With these settings, we squeeze $20,000 more out of the market and have an even smoother equity curve. I won’t say no to that.

I then tried optimizing the upper and lower band separately (once again in order to see whether we could stay longer in winners), but that didn’t do much and only added another optimizable parameter. Let’s forget about that. So, here is our final EasyLanguage code.

Inputs:
BBLength(10),
BBDev(2),
MALength(200);

If Close < BollingerBand(Close, BBLength, -BBDev) And Close > Average(Close, MALength) Then Buy Next Bar At Market;
If Close > BollingerBand(Close, BBLength, BBDev) Then Sell Next Bar At Market;

At 10% maximum drawdown with 120% return (no position sizing applied), this is quite a nice performance. Buy & Hold would have given us 134% over the same period, however without compounding and with the horrendous 2008 and 2001/2002 drawdowns. You would now have to add a protective stop, of course, in order to not go broke when the market goes completely sour. Also, this strategy trades only 2-5 times per year. While I can live with that, as there is only one optimized parameter, certainly this strategy won’t make us rich and needs a lot of capital with only one contract in play, in order to be traded. You’d need a diversified portfolio of 20+ strategies like this in order to make meaningful returns without going nuts on the risk.
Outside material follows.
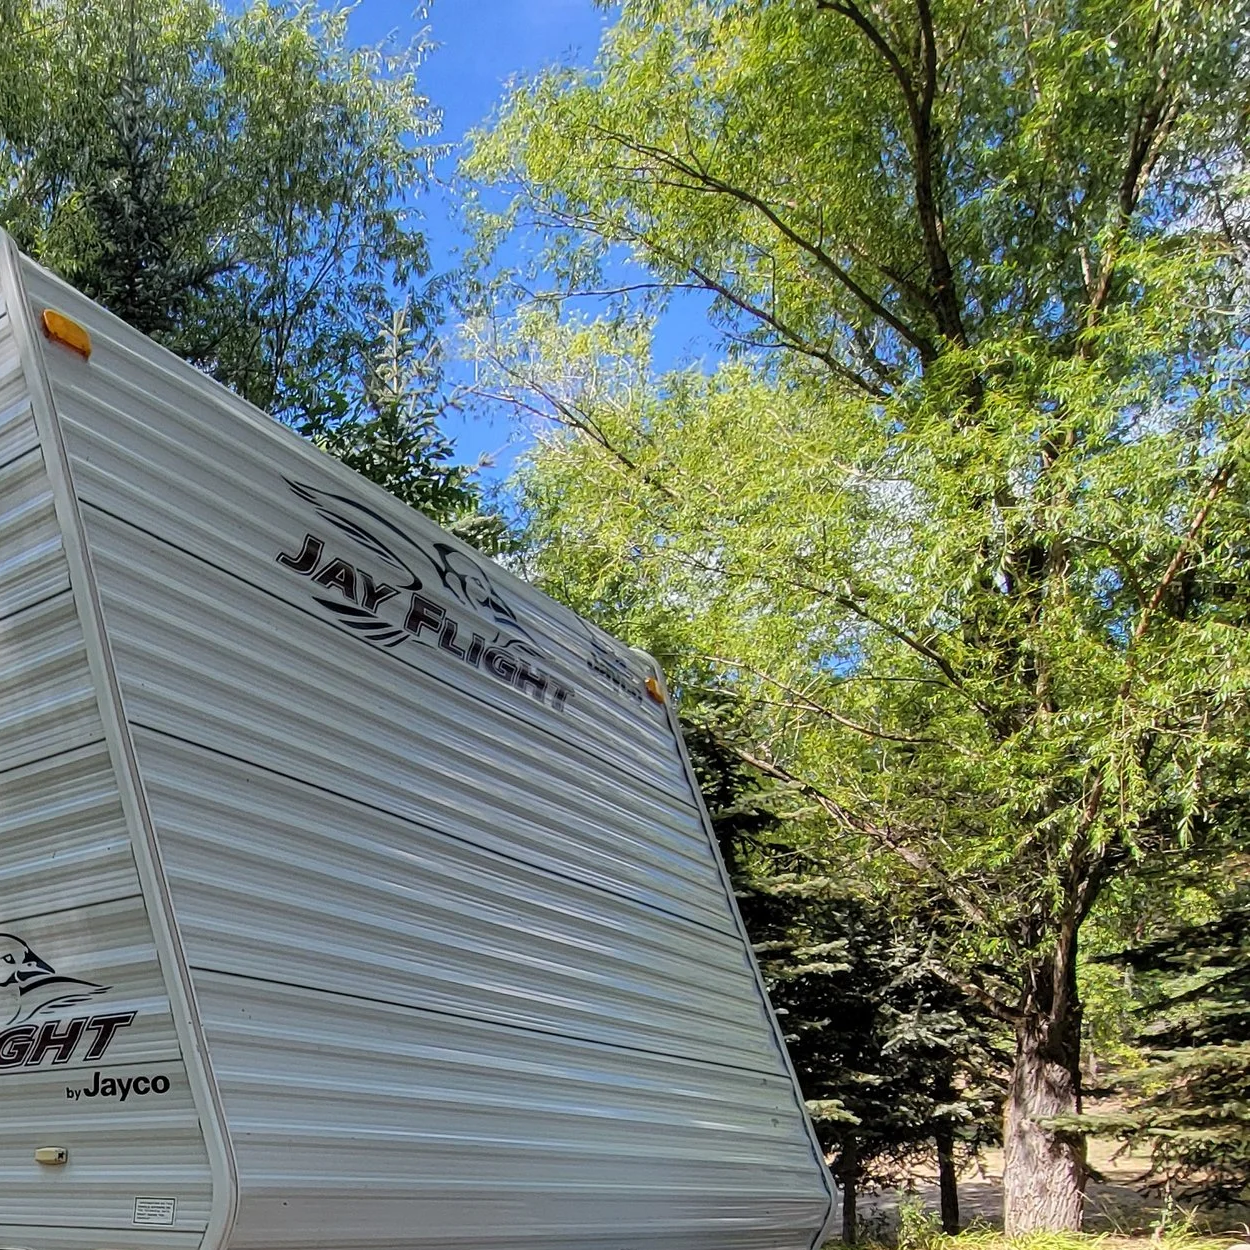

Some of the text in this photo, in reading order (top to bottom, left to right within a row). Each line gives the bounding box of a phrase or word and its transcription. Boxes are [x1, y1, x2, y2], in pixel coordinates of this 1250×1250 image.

Now you can do Walk-Forward analysis on this strategy if you want, or even Cluster-Analysis and what not, but in this case, it’s simply not necessary. It works as it is and will continue to keep working until capitalism goes ka-blammo.

What I mainly wanted to show you is that strategies don’t have to be complicated. Some of my day trading strategies have 10-20 lines of code and pass all the robustness tests with flying colors. And as you can see, the code is not difficult. To be an algotrader means to be creative and to be organized. And to be very, very curious about the subtle intricacies and characteristics of the markets that you want to develop strategies on.

Or sometimes, to be simply very, very blunt. Long only strategies on stock indices, a good place to start. Or maybe try the Apple stock? If you can develop methods to find out 1. what makes markets tick (trending, mean-reversion?) and 2. how efficient your entries are, and then have proper robustness testing methods and an organized process in place in order to stay creative and productive, well..let’s just say, this can be very rewarding. It certainly has been for me, so far.

PS, I am also learning to play the Piano and speak Japanese at the same time so stop making excuses ;-).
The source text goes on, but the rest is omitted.